The final is substantially different from the regulations discussed in the January 2001 Notice of Proposed Rulemaking (NPRM), which called for regulations that would have made wastewater discharge limits 95 percent more stringent for printed circuit board (PCB) manufacturers and introduced national discharge limits for electronics manufacturing services (EMS) facilities for the first time. The final rule does not contain any new regulations for the PCB or EMS industries.
In January 2001, EPA first proposed the MP&M effluent limitation guidelines and included a total annualized cost estimate of $147.1 million for the PCB industry or slightly more than $250,000 per facility. EPA also calculated that seven PCB facilities would be forced to close due to the costs of complying with the proposed MP&M guidelines, while an additional 301 facilities would have difficulty financing compliance investments or ongoing business investments as a result of the rule.
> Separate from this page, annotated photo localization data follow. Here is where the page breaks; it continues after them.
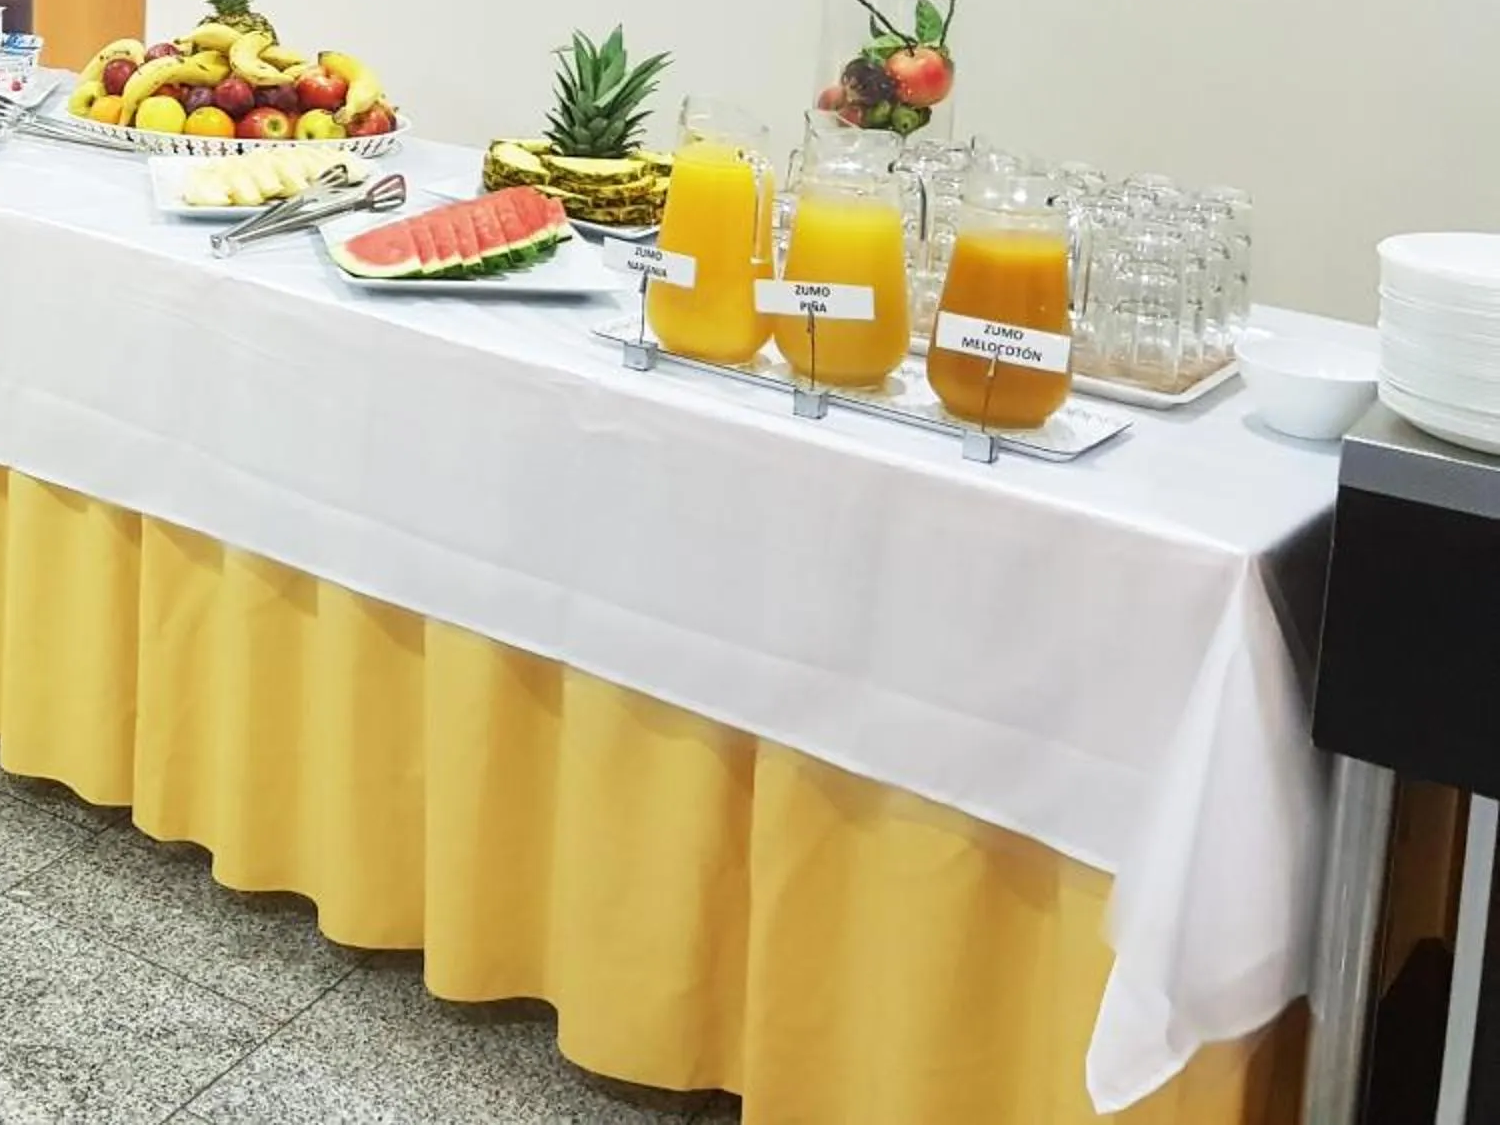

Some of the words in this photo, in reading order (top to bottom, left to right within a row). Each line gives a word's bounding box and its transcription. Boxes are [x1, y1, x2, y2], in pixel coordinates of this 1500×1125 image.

[634, 246, 663, 262] ZUMO
[794, 284, 832, 298] ZUMO
[799, 300, 827, 313] PIÑA
[983, 323, 1025, 341] ZUMO
[961, 336, 1043, 363] MELOCOTÓN
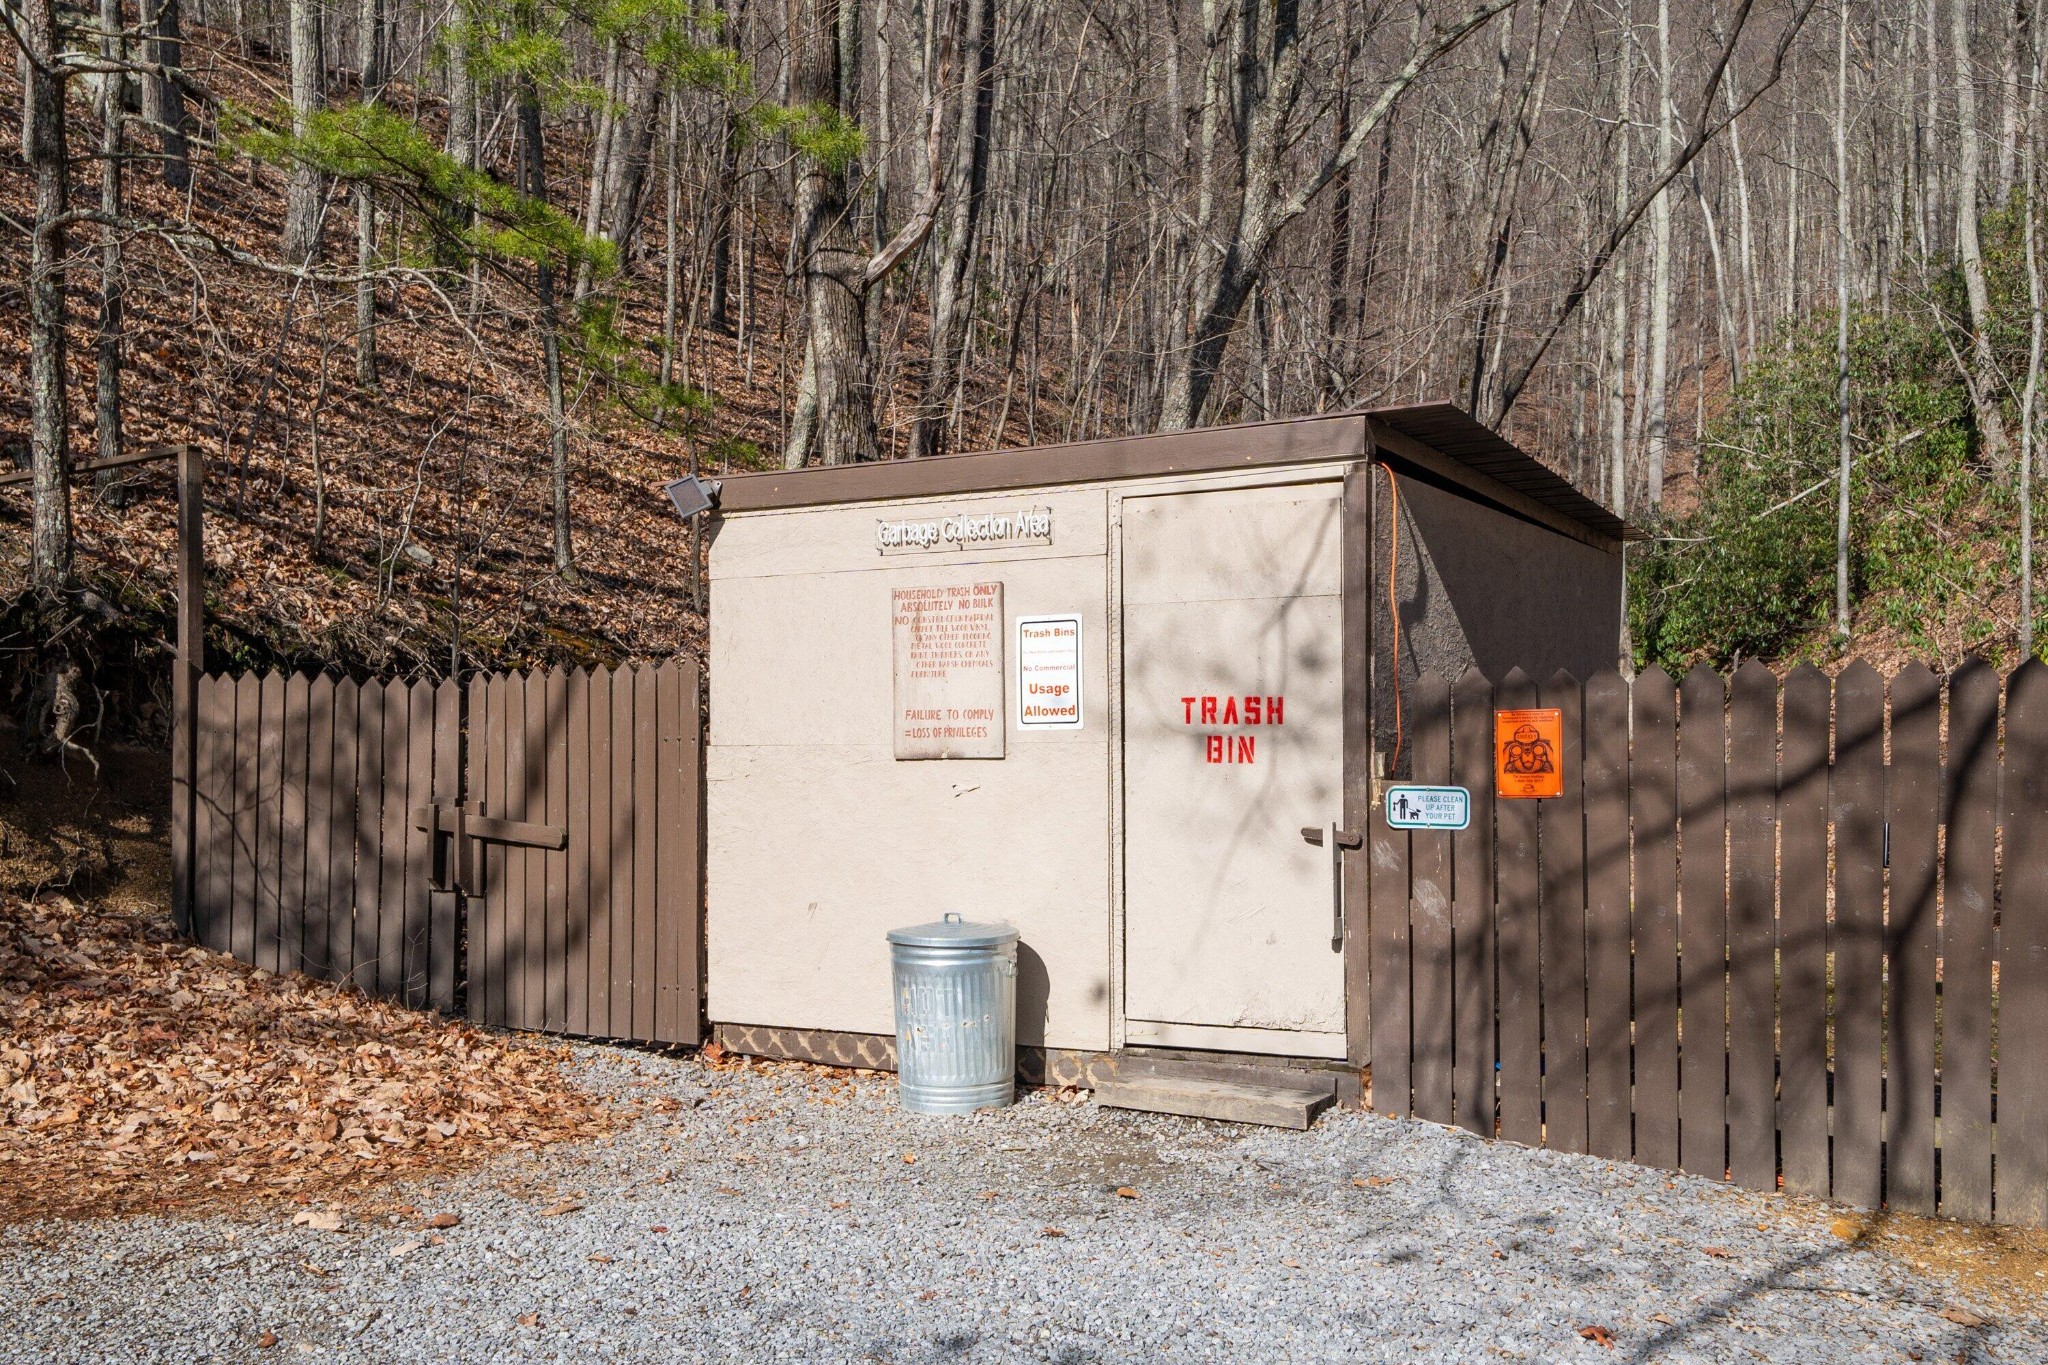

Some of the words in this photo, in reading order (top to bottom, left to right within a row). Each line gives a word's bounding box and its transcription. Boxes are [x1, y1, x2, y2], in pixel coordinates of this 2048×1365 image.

[877, 520, 937, 545] Garbage
[941, 513, 1011, 541] Collection
[1014, 510, 1050, 536] Area
[893, 588, 943, 600] HOUSEHOLD
[947, 586, 971, 597] TRASH
[973, 585, 997, 596] ONLY
[900, 600, 953, 612] ABSOLUTELY
[958, 599, 970, 609] NO
[973, 598, 993, 608] BULK
[894, 615, 909, 625] NO
[1023, 629, 1051, 638] Trash
[1054, 628, 1075, 637] Bins
[1029, 683, 1070, 696] Usage
[905, 709, 942, 720] FAILURE
[947, 709, 959, 720] TO
[963, 708, 994, 721] COMPLY
[1024, 705, 1076, 716] Allowed
[1180, 696, 1284, 725] TRASH
[933, 727, 942, 737] OF
[944, 727, 988, 738] PRIVILEGES
[1206, 735, 1255, 764] BIN
[1425, 812, 1442, 820] YOUR
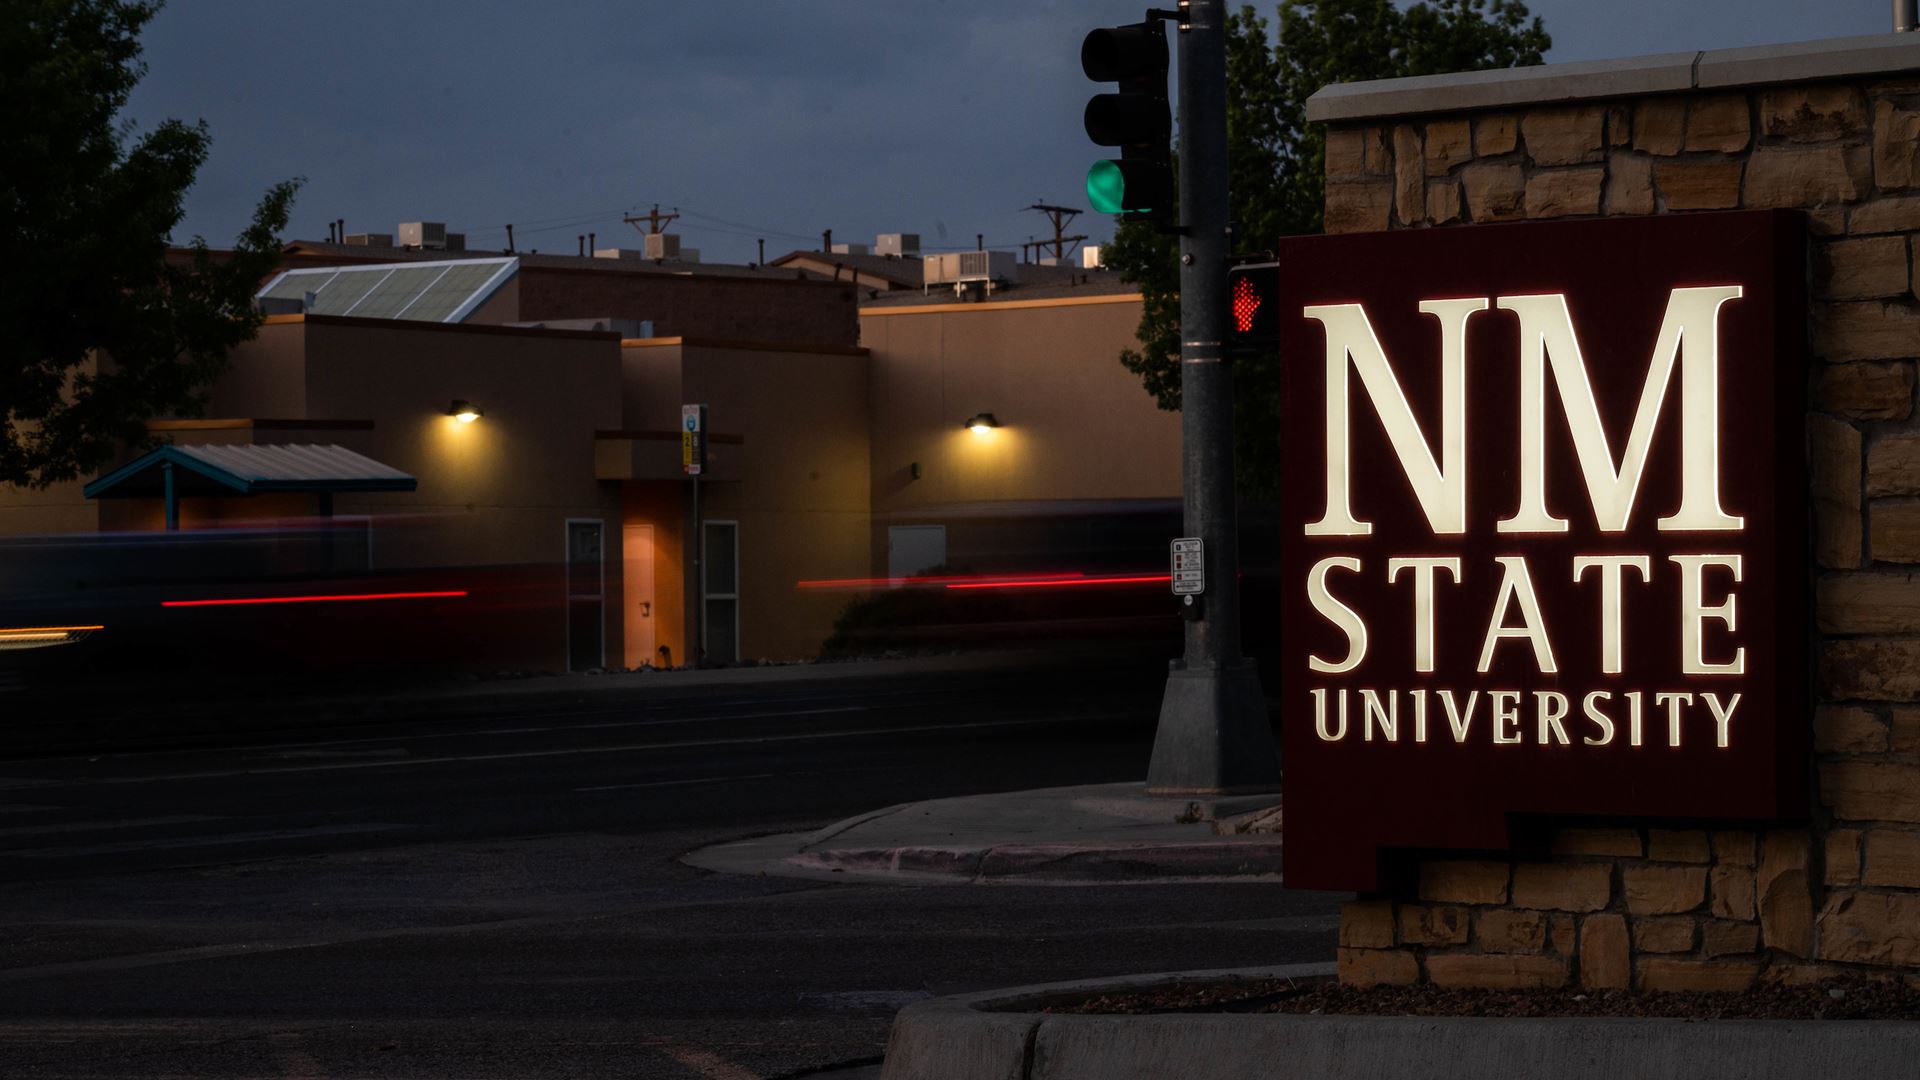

More than 30 IPC members and staff responded by testifying at various EPA public hearings across the country. Following the public testimony, IPC filed more than 300 pages of written comments in July 2001 that firmly detailed EPA's failure to properly evaluate its proposed rule's impact on the PCB industry and revealed the agency's overestimations of environmental benefits and underestimations of the immense costs for each PCB manufacturer. The comments also requested that EPA assess realistic PCB wastewater treatment capabilities, obtain a true estimate of the pollution expected to be removed by a proposed rule, obtain a more realistic estimate of the cost of compliance and correct the economic impact analysis.
In addition, Fern Abrams, IPC's director of environmental policy, testified before a U.S. House of Representatives Committee on Small Business, Subcommittee on Regulatory Reform and Oversight in November 2001 regarding EPA's failure to conduct adequate regulatory analysis.
EPA then issued a revised proposal in the form of a June 2002 Notice of Data Availability (NODA), which showed that the economic impact and cost effectiveness of the treatment options were actually much higher than originally projected. In the NODA, EPA predicted that between 28 and 55 facilities would be put out of business by the proposed regulation, a significant increase over the NPRM estimate of seven PCB company closures. The notice also drastically revised its estimate of the pollution removals attributable to the proposed rule from 1.1 million pound equivalents of pollution from PCB effluent to only 165,662-pound equivalents.
IPC then responded in August 2002 by filing more written comments on EPA's NODA that both praised EPA for the corrections and called for further changes to correct the rule's inflated environmental benefits.
IPC is a trade association dedicated to the competitive excellence and financial success of its more than 2,400 member companies, which represent all facets of the electronic interconnection industry, including design, printed circuit board manufacturing and electronics assembly. For more information, visit www.ipc.org.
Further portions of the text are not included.